Your goal: Leave the pictures out and give every entry again exactly.

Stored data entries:
- - - -
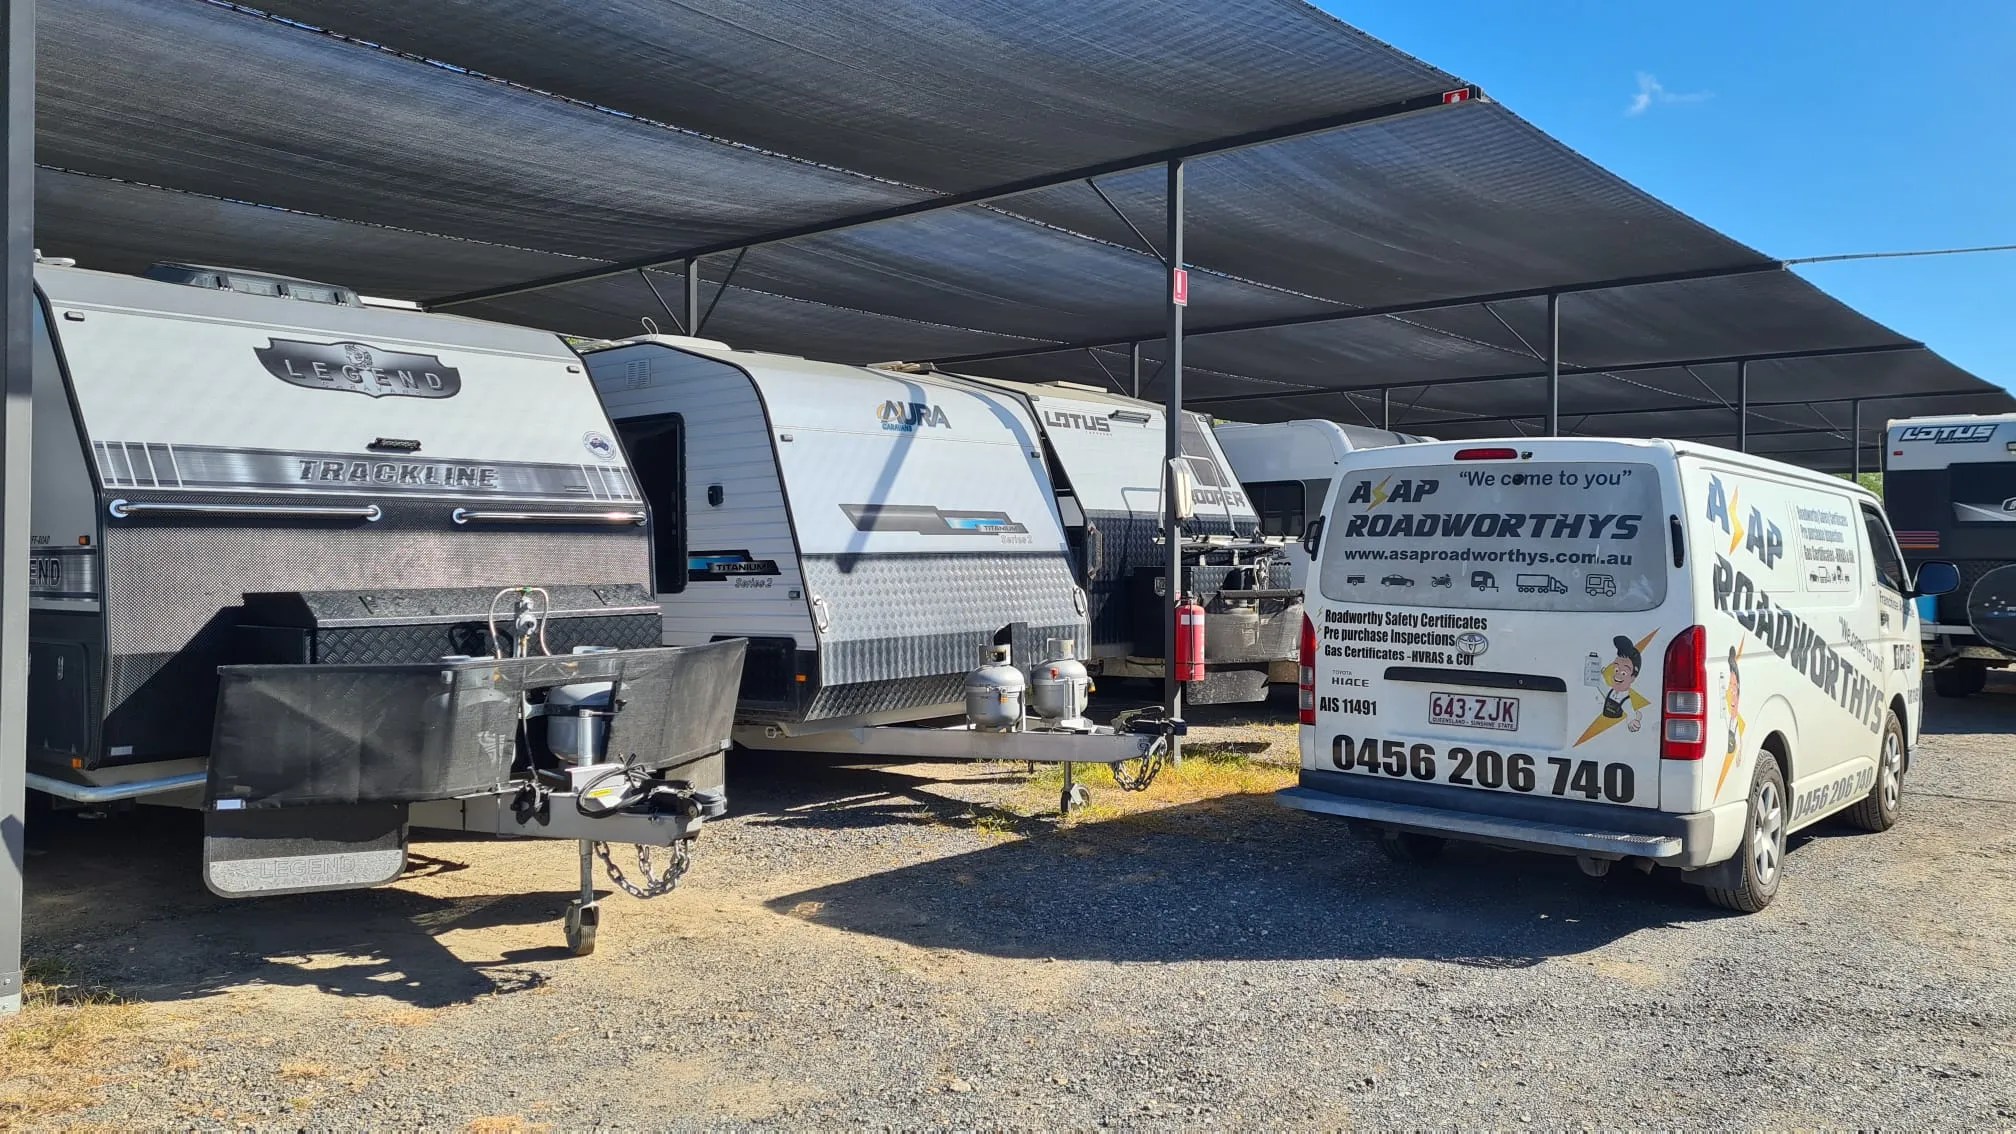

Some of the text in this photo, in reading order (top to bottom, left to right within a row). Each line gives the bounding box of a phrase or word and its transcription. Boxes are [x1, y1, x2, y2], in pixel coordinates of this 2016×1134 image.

[284, 358, 443, 391] LEGEND
[883, 400, 952, 429] AURA
[1043, 410, 1111, 432] LOTUS
[1899, 424, 1999, 442] LOTUS
[299, 460, 498, 488] TRACKLINE
[1559, 470, 1579, 486] to
[1345, 514, 1643, 539] ROADWORTHYS
[715, 563, 767, 571] TITANIUM
[1345, 548, 1633, 566] www.asaproadworthys.com.au
[1324, 609, 1488, 630] Roadworthy Safety Certificates
[1324, 626, 1456, 647] Pre purchase Inspections
[1713, 552, 1885, 735] ROADWORTHYS
[1325, 645, 1342, 657] Gas
[1344, 646, 1405, 661] Certificates
[1446, 654, 1454, 665] &
[1331, 677, 1370, 688] HIACE
[1320, 697, 1377, 716] AIS 11491
[1332, 734, 1635, 803] 0456 206 740
[1793, 765, 1875, 821] 0456 206 740
[259, 856, 356, 879] LEGEND
- - - -
Answer box:
Some of the text in this photo, in reading order (top to bottom, left to right within a row). Each line gives the bounding box of a phrase or word and its transcription. Boxes are [x1, y1, x2, y2], in pixel coordinates of this 2016×1134 image.

[284, 358, 443, 391] LEGEND
[883, 400, 952, 429] AURA
[1043, 410, 1111, 432] LOTUS
[1899, 424, 1999, 442] LOTUS
[299, 460, 498, 488] TRACKLINE
[1559, 470, 1579, 486] to
[1345, 514, 1643, 539] ROADWORTHYS
[715, 563, 767, 571] TITANIUM
[1345, 548, 1633, 566] www.asaproadworthys.com.au
[1324, 609, 1488, 630] Roadworthy Safety Certificates
[1324, 626, 1456, 647] Pre purchase Inspections
[1713, 552, 1885, 735] ROADWORTHYS
[1325, 645, 1342, 657] Gas
[1344, 646, 1405, 661] Certificates
[1446, 654, 1454, 665] &
[1331, 677, 1370, 688] HIACE
[1320, 697, 1377, 716] AIS 11491
[1332, 734, 1635, 803] 0456 206 740
[1793, 765, 1875, 821] 0456 206 740
[259, 856, 356, 879] LEGEND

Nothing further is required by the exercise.